- [Directions for this task] Give the entries again exactly, without pictures.

*** Data extract Section Begins ***

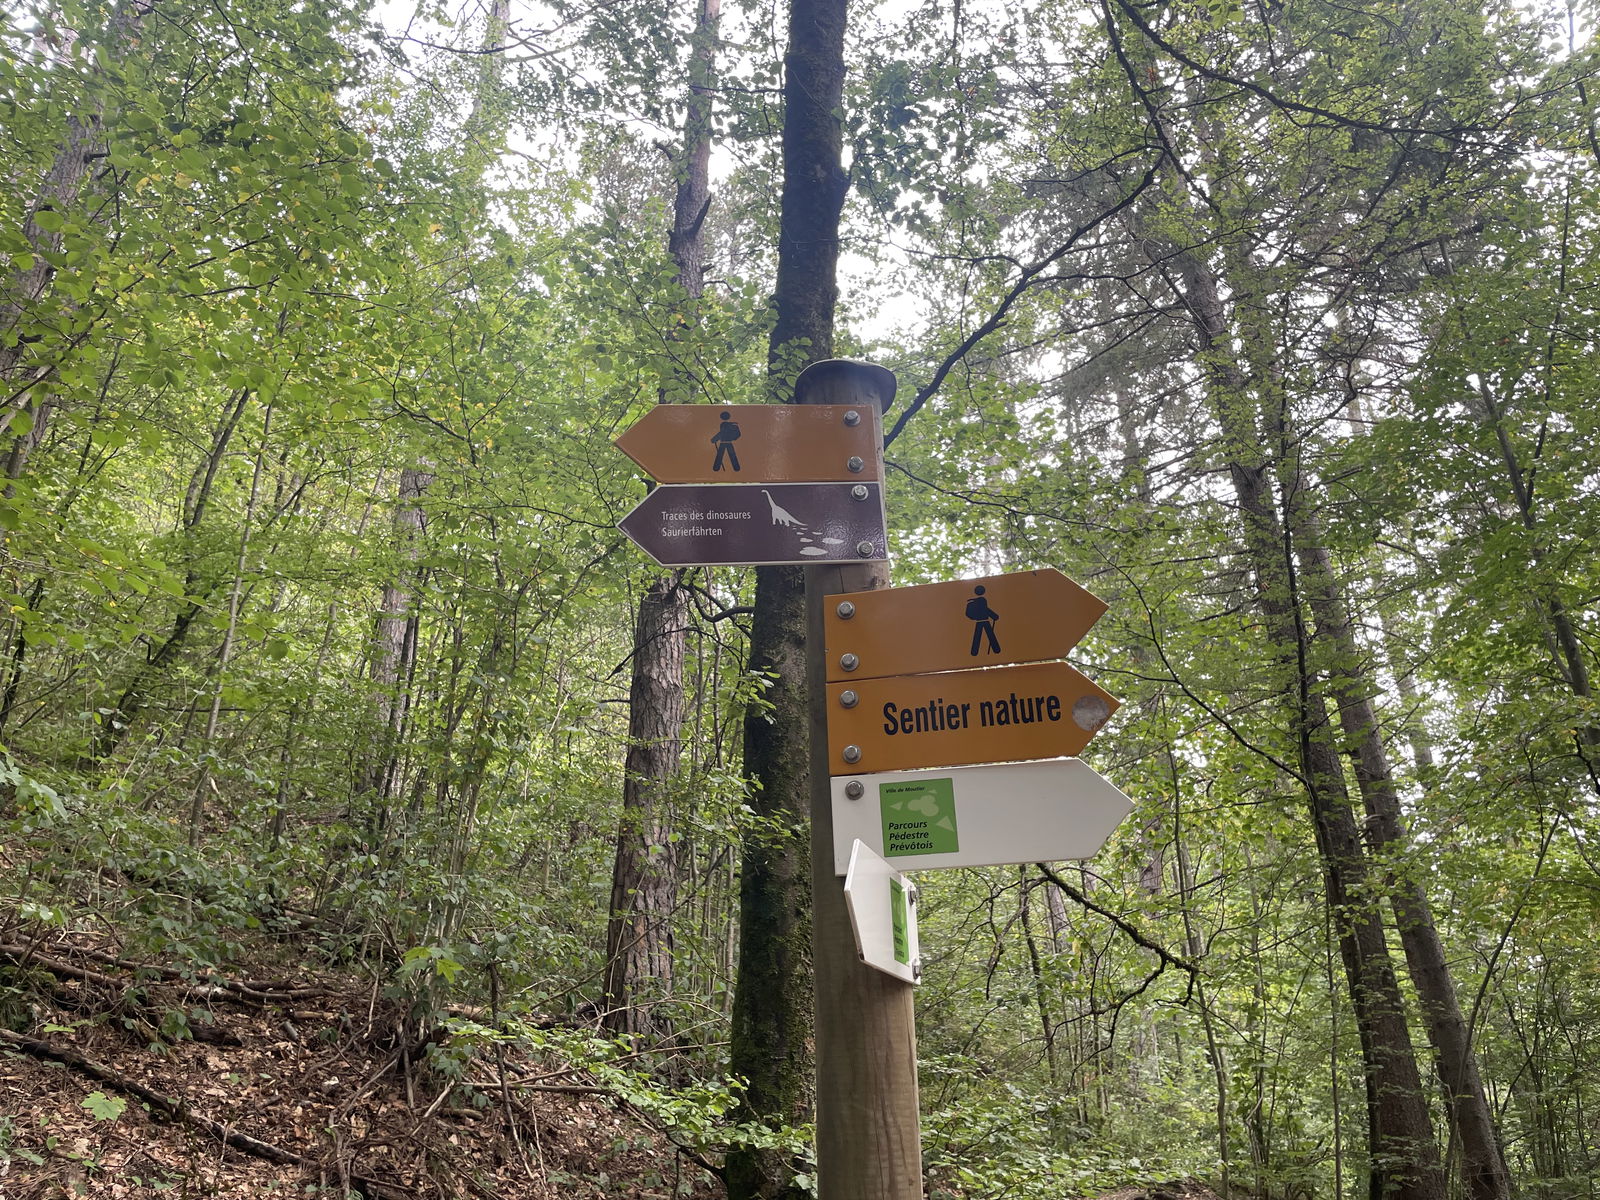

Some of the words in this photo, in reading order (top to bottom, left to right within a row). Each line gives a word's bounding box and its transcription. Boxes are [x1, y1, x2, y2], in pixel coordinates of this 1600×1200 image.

[661, 511, 688, 521] Traces
[689, 510, 704, 520] des
[706, 510, 752, 520] dinosaures
[662, 526, 722, 537] Saurierfährten
[883, 698, 970, 736] Sentier
[979, 693, 1061, 728] nature
[888, 821, 928, 831] Parcours
[889, 831, 929, 841] Pédestre
[890, 841, 934, 852] Prévôtois

*** Data extract Section Ends ***

- [Solution below]
Some of the words in this photo, in reading order (top to bottom, left to right within a row). Each line gives a word's bounding box and its transcription. Boxes are [x1, y1, x2, y2], in pixel coordinates of this 1600×1200 image.

[661, 511, 688, 521] Traces
[689, 510, 704, 520] des
[706, 510, 752, 520] dinosaures
[662, 526, 722, 537] Saurierfährten
[883, 698, 970, 736] Sentier
[979, 693, 1061, 728] nature
[888, 821, 928, 831] Parcours
[889, 831, 929, 841] Pédestre
[890, 841, 934, 852] Prévôtois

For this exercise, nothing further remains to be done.